The MoFlo XDP is validated for suspension-based eukaryotic samples including peripheral blood mononuclear cells (PBMCs), bone marrow aspirates, dissociated solid tissues, immortalized cell lines, and body fluids (e.g., cerebrospinal fluid, ascites). It accommodates common fluorochromes excited by 405 nm, 488 nm, 532 nm, 561 nm, and 640 nm lasers—including FITC, PE, APC, PerCP-Cy5.5, PE-Cy7, APC-Cy7, DAPI, and QDot® 625—and supports spectral unmixing when configured with appropriate detectors. The system meets essential regulatory expectations for research use in GLP-compliant environments and aligns with ISO 13485 design controls for instrumentation used in clinical assay development. While not FDA-cleared for diagnostic use, its performance characteristics support method validation per CLSI EP17-A2 and ASTM E2877-13 standards for flow cytometric assay robustness.

Software & Data Management

Acquisition and analysis are managed through Summit v6.x software—a Windows-based platform supporting instrument control, real-time histogram/gating, Boolean logic, and multidimensional visualization (including t-SNE and UMAP projections). Summit includes built-in audit trail functionality compliant with 21 CFR Part 11 requirements when deployed on validated IT infrastructure, including electronic signatures, user access levels, and immutable record retention. Raw FCS 3.0/3.1 files are natively generated and interoperable with third-party tools such as FlowJo™, Cytobank, and R/Bioconductor packages. Automated QC reports track laser stability, PMT voltage drift, and coefficient of variation (CV) of reference beads across daily runs—supporting long-term instrument qualification per IQ/OQ/PQ protocols.

Applications

• Immunophenotyping of rare hematopoietic stem/progenitor cells (HSPCs) and antigen-specific T-cell subsets in translational immunology studies.
• Cell cycle analysis using DNA-binding dyes (e.g., DAPI, PI) coupled with proliferation markers (e.g., Ki-67) for oncology drug screening.
• Intracellular phospho-protein profiling following cytokine stimulation or kinase inhibition, requiring permeabilization-compatible protocols.
• Side population (SP) isolation based on ABC transporter-mediated Hoechst 33342 efflux—a functional marker of stem-like cells in tumor and regenerative models.
• High-complexity single-cell sorting for downstream applications including scRNA-seq library preparation, clonal expansion, and functional assays in co-culture systems.

FAQ

What is the minimum recommended cell concentration for reliable sorting on the MoFlo XDP?

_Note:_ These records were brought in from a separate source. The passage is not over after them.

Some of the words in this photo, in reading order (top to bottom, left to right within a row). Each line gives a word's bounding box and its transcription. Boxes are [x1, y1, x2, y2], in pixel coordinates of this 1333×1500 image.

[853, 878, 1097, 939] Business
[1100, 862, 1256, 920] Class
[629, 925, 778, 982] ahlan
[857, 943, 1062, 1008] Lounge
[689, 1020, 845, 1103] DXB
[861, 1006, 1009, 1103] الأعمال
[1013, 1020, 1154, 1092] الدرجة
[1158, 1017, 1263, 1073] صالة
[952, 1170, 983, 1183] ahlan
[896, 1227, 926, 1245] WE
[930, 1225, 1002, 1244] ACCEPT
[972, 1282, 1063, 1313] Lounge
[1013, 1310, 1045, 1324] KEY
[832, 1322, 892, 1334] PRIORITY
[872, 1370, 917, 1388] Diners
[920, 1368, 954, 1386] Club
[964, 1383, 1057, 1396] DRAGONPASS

For optimal droplet formation and sorting fidelity, a minimum concentration of 1 × 10⁶ cells/mL is recommended; however, concentrations up to 10 × 10⁶ cells/mL may be used with appropriate nozzle sizing and pressure adjustment.
Can the MoFlo XDP perform single-cell deposition into 96- or 384-well plates?

Yes—when equipped with the optional Single-Cell Deposition Unit (SCDU), the system supports plate-based sorting with position tracking, viability confirmation, and post-sort imaging integration.
Is the MoFlo XDP compatible with spectral flow cytometry configurations?

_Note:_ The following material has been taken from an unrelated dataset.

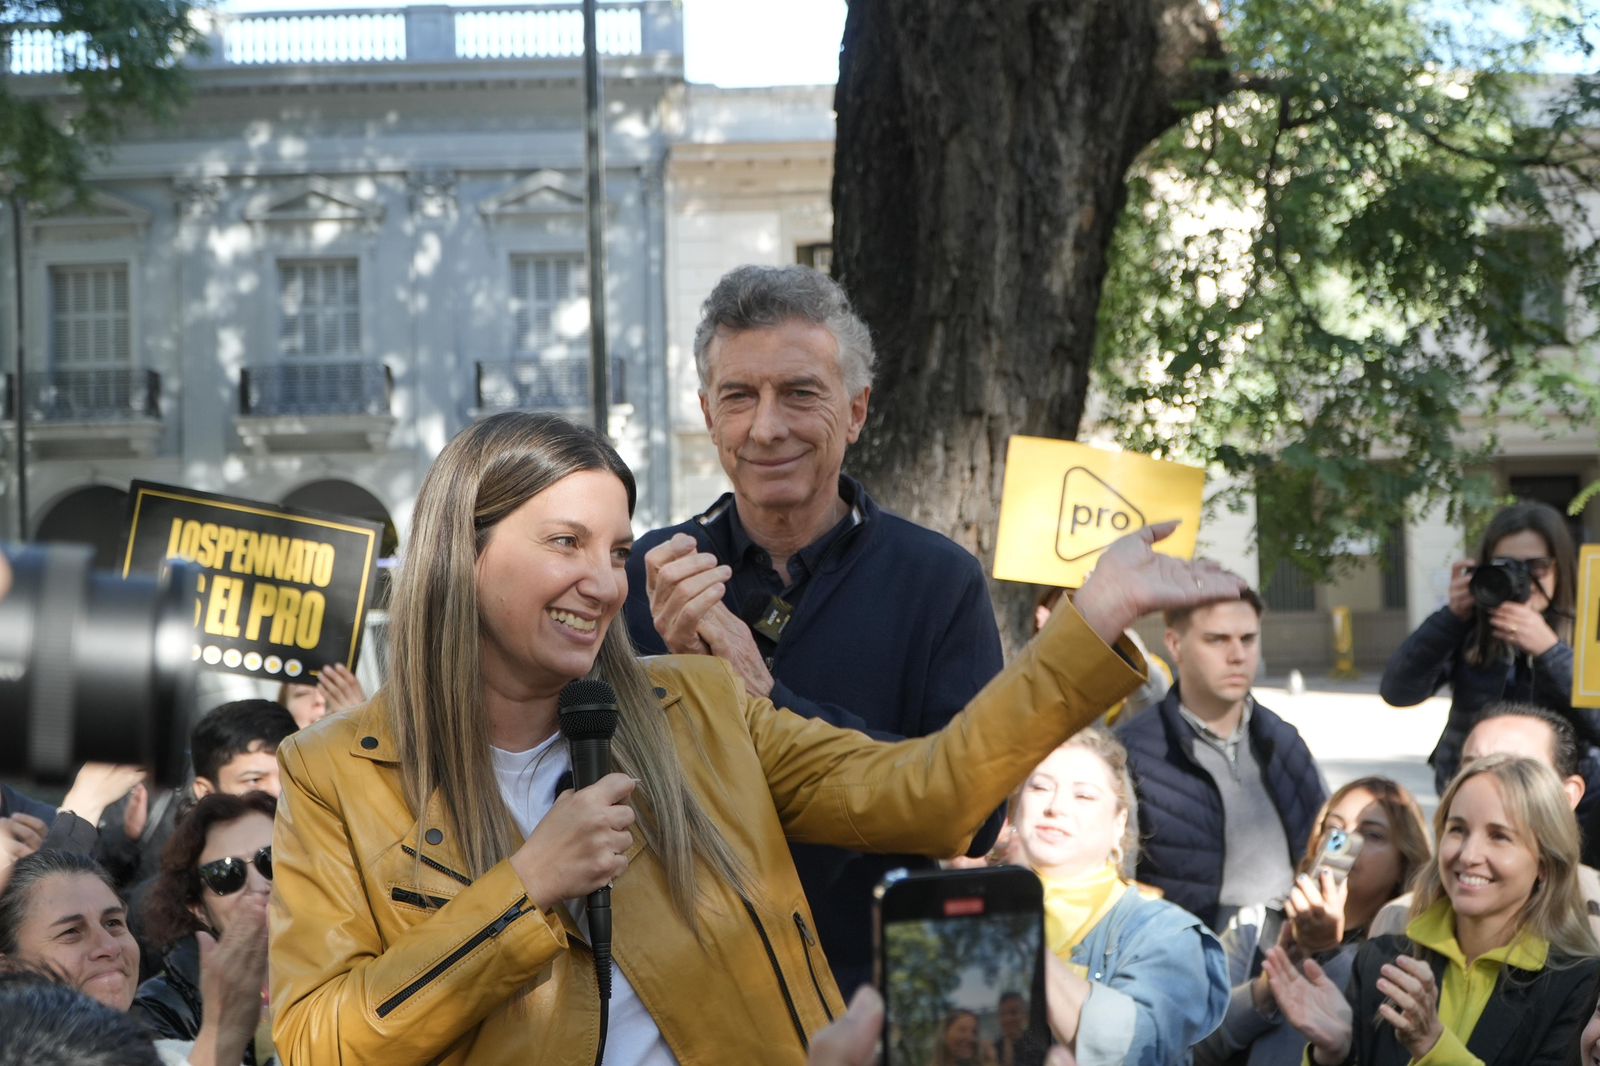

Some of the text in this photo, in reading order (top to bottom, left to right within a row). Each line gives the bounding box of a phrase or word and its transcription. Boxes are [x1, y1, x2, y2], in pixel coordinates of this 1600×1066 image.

[166, 517, 336, 588] LOSPENNATO
[1070, 503, 1130, 535] pro
[204, 574, 245, 638] EL
[245, 582, 326, 650] PRO

While originally designed for conventional filter-based detection, select MoFlo XDP installations have been retrofitted with prism-based spectral detectors and unmixing software—though this requires custom engineering validation and is not part of standard factory configuration.
How often does the system require calibration verification?

Daily verification using CS&T (Cytometer Setup and Tracking) beads is recommended; full optical alignment and PMT linearity calibration should be performed quarterly or after major maintenance events.
Does the MoFlo XDP support automated cleaning cycles between samples?

Yes—the integrated fluidics system includes programmable bleach, ethanol, and water wash routines that reduce carryover risk and support Good Manufacturing Practice (GMP)-aligned workflows in regulated research settings.